Reconnecting North Minneapolis neighborhoods to the Mississippi

Enhancements are planned for seven North Minneapolis access points to the Mississippi River.

Enhancements are planned for seven North Minneapolis access points to the Mississippi River.

The western bank of the Mississippi Riverfront from the Plymouth Avenue Bridge to the Camden Bridge is slated for conversion into continuous parkland over the next 20+ years. That’s welcome news for North Minneapolis.

Yet there would remain a significant problem. Getting to any new green spaces along the Upper Mississippi will not be easy for residents unless major improvements are made for accessing the river from Northside neighborhoods.

One obvious barrier separating Northsiders from the river’s bank: Interstate 94. Train crossings, traffic-exposed pathways, limited public transit, freeway entrances, and industry all also contribute to making entry points to the Mississippi less than inviting to pedestrians and cyclists.

A forum held last month by the Friends of the Mississippi River (FMR) brought together community advocates looking to ensure all Northside residents have an opportunity to enjoy what are described as once-in-a-generation enhancements to our city’s most impressive natural resource.

At the forum, FMR officials outlined findings from research conducted in collaboration with the Center for Urban and Regional Affairs (CURA) Research Assistant Eric King.
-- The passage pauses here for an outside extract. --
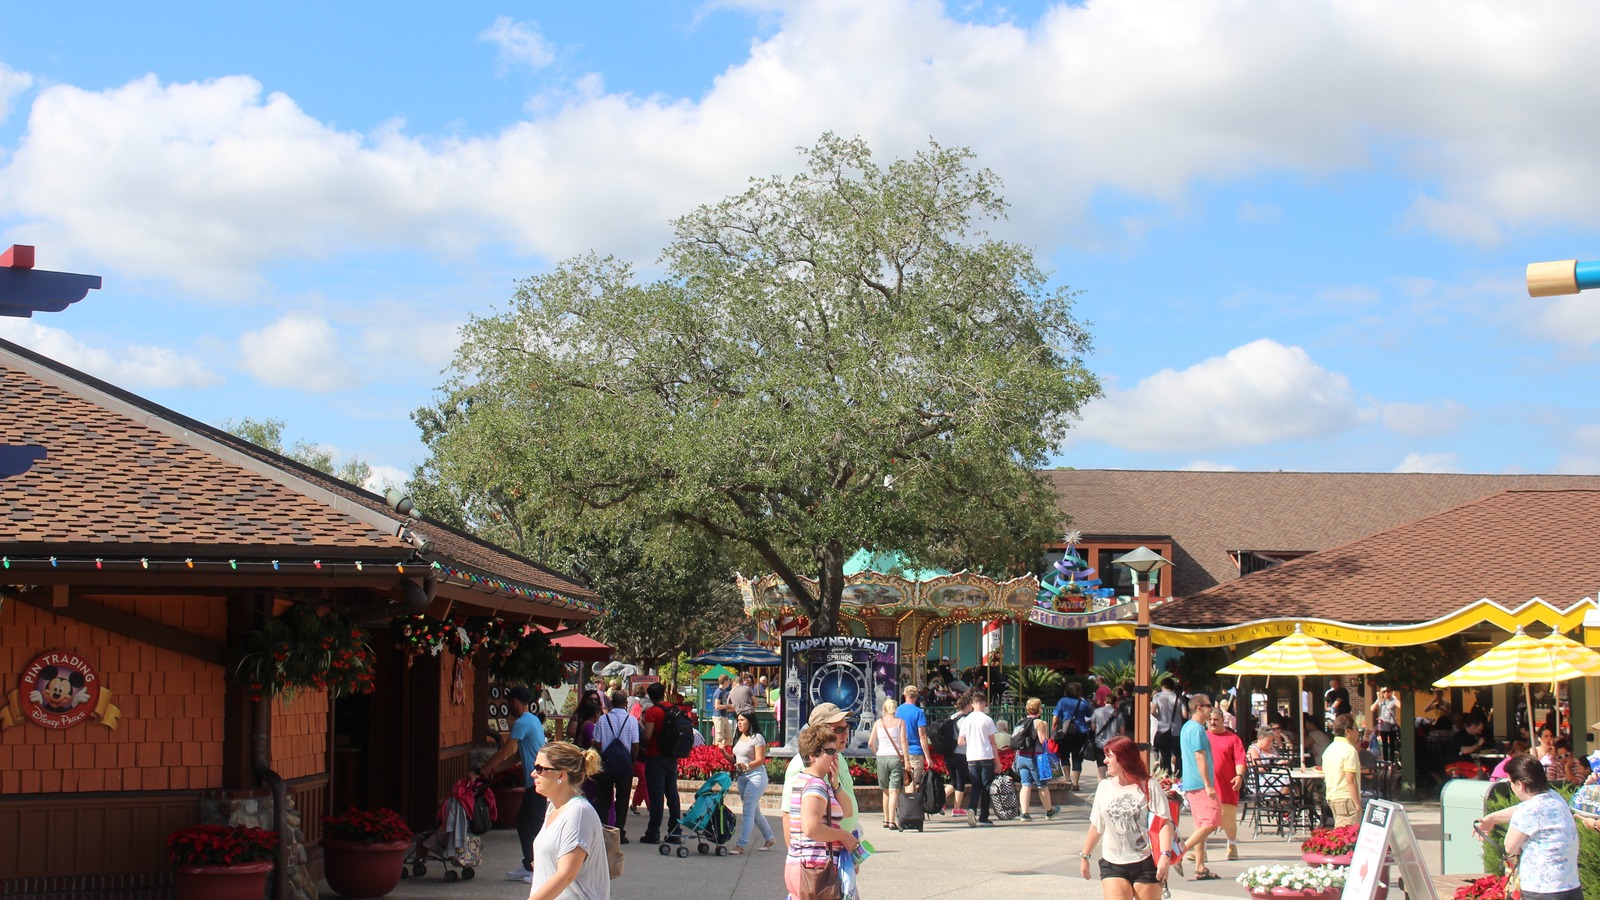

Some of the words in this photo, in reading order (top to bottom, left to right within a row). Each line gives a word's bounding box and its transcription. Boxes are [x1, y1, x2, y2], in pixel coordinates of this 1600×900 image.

Conducted through spring of this year, this research was undertaken to shed light on barriers keeping Northsiders from accessing the river—and how they can be overcome.

In opening remarks FMR Executive Director Whitney Clark talked about growing up in South Minneapolis parks and noted the special significance green spaces along the Mississippi River held for him.

“If you’re a kid growing up on the Northside today or last year or last generation, that hasn’t been your experience,” Clark noted. “Even though the Mississippi River flows through North and Northeast Minneapolis . . . these neighborhoods have not had access to the river.”

Highlighting inherent inequities in access, Clark noted that many people surveyed during the research thought the east end of the Northside was I-94. These residents did not even know that North Minneapolis featured the river’s banks.

Eric King, a Research Assistant at the University of Minnesota, played a major role in the research project. He spoke with hundreds of residents and examined up close barriers to river access. At the forum, he presented his findings on connections at seven access points along the riverfront in North Minneapolis:

Plymouth Avenue North. Community feedback focused on the need to enhance the pedestrian and cyclist experience. Specifically problems cited by residents: An unsafe crossing at I-94 as well as poor lighting and aesthetics.

West Broadway Avenue. Safety and heavy traffic are major concerns. Community members noted that there are no barriers protecting people from traffic, and they feared crossing to the Mississippi. Unsightly appearance was also cited as keeping people away.

26th Avenue North. Protected bike lanes and lighting improvements were among the major concerns voiced by residents. The need for better direct access to the river was also mentioned.

North Lowry Avenue. People noted the need for river access in this area along the Mississippi. Also mentioned was a large gap in pedestrian and cyclists throughways from I-94 to the river.

North Dowling Avenue. Safety was the major concern cited here. Residents feel “squashed” between traffic and noted that freeway on- and off-ramps made them fear crossing I-94. Lack of bike lanes make cycling dangerous.

41st Avenue North. Improved connections to the river’s amenities were cited in this area. Sidewalks in disrepair, poor lighting, and industrial landscapes were all seen as impediments to accessing the boat launch and other amenities.

42nd Avenue North. Unsafe crossings, cracked sidewalks, and lack of bike lanes were a few of the problems cited in this area. Some residents noted that many people are aware of North Mississippi Regional Park, but they don’t know how to access it.

The hope is that some of the enhancements to the Upper Mississippi connections can be undertaken in the next two years with additional improvements taking place in coordination with the 20-year Above the Falls Master Plan, a vision document that details creating continuous green spaces along the riverfront.

Currently, additional public feedback is being sought on prioritizing enhancements to reconnect North Minneapolis neighborhoods to the river. Visit fmr.org/reconnecting-north-minneapolis-mighty-mississippi to offer your perspective on which projects should move forward most quickly.